━━ SOURCE DATA

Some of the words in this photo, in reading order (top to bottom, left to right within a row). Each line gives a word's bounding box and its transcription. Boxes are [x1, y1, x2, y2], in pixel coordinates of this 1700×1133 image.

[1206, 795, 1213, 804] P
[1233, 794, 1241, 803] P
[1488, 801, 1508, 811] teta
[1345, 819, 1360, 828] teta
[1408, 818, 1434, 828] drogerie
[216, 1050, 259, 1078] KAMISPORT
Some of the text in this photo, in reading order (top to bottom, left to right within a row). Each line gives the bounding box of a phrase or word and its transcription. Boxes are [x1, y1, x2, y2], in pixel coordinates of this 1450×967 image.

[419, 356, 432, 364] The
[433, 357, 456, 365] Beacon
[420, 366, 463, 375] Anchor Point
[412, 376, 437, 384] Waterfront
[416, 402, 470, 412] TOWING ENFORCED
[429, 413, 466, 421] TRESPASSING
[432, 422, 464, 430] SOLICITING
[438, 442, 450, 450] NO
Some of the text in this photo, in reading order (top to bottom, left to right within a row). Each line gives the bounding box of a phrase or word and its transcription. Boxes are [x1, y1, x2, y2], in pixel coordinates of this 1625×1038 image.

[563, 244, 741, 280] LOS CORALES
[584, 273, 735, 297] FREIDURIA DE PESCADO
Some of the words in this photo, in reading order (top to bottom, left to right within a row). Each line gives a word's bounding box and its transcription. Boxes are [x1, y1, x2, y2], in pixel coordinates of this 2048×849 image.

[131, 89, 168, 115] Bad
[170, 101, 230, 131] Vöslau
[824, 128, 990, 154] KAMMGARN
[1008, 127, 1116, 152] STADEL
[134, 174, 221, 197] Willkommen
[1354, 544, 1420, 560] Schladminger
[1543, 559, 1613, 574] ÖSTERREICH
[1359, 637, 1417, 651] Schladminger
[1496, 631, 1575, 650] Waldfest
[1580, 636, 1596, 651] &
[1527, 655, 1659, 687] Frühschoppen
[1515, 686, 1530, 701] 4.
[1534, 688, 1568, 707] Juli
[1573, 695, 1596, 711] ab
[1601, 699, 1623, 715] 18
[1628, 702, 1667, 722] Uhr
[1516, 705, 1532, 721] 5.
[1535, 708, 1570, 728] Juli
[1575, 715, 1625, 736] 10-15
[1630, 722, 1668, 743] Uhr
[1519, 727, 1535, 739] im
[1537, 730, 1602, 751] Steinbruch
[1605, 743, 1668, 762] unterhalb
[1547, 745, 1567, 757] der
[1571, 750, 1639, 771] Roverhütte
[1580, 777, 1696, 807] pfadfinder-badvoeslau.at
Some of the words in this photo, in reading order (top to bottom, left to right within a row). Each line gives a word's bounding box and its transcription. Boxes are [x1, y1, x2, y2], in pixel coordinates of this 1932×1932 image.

━━━━

▶ _YOUR INSTRUCTIONS_
After reading the material above, repeat all of it exactly.

▶ _PROBLEM SOLUTION_
Some of the words in this photo, in reading order (top to bottom, left to right within a row). Each line gives a word's bounding box and its transcription. Boxes are [x1, y1, x2, y2], in pixel coordinates of this 1700×1133 image.

[1206, 795, 1213, 804] P
[1233, 794, 1241, 803] P
[1488, 801, 1508, 811] teta
[1345, 819, 1360, 828] teta
[1408, 818, 1434, 828] drogerie
[216, 1050, 259, 1078] KAMISPORT
Some of the text in this photo, in reading order (top to bottom, left to right within a row). Each line gives the bounding box of a phrase or word and its transcription. Boxes are [x1, y1, x2, y2], in pixel coordinates of this 1450×967 image.

[419, 356, 432, 364] The
[433, 357, 456, 365] Beacon
[420, 366, 463, 375] Anchor Point
[412, 376, 437, 384] Waterfront
[416, 402, 470, 412] TOWING ENFORCED
[429, 413, 466, 421] TRESPASSING
[432, 422, 464, 430] SOLICITING
[438, 442, 450, 450] NO
Some of the text in this photo, in reading order (top to bottom, left to right within a row). Each line gives the bounding box of a phrase or word and its transcription. Boxes are [x1, y1, x2, y2], in pixel coordinates of this 1625×1038 image.

[563, 244, 741, 280] LOS CORALES
[584, 273, 735, 297] FREIDURIA DE PESCADO
Some of the words in this photo, in reading order (top to bottom, left to right within a row). Each line gives a word's bounding box and its transcription. Boxes are [x1, y1, x2, y2], in pixel coordinates of this 2048×849 image.

[131, 89, 168, 115] Bad
[170, 101, 230, 131] Vöslau
[824, 128, 990, 154] KAMMGARN
[1008, 127, 1116, 152] STADEL
[134, 174, 221, 197] Willkommen
[1354, 544, 1420, 560] Schladminger
[1543, 559, 1613, 574] ÖSTERREICH
[1359, 637, 1417, 651] Schladminger
[1496, 631, 1575, 650] Waldfest
[1580, 636, 1596, 651] &
[1527, 655, 1659, 687] Frühschoppen
[1515, 686, 1530, 701] 4.
[1534, 688, 1568, 707] Juli
[1573, 695, 1596, 711] ab
[1601, 699, 1623, 715] 18
[1628, 702, 1667, 722] Uhr
[1516, 705, 1532, 721] 5.
[1535, 708, 1570, 728] Juli
[1575, 715, 1625, 736] 10-15
[1630, 722, 1668, 743] Uhr
[1519, 727, 1535, 739] im
[1537, 730, 1602, 751] Steinbruch
[1605, 743, 1668, 762] unterhalb
[1547, 745, 1567, 757] der
[1571, 750, 1639, 771] Roverhütte
[1580, 777, 1696, 807] pfadfinder-badvoeslau.at
Some of the words in this photo, in reading order (top to bottom, left to right within a row). Each line gives a word's bounding box and its transcription. Boxes are [x1, y1, x2, y2], in pixel coordinates of this 1932×1932 image.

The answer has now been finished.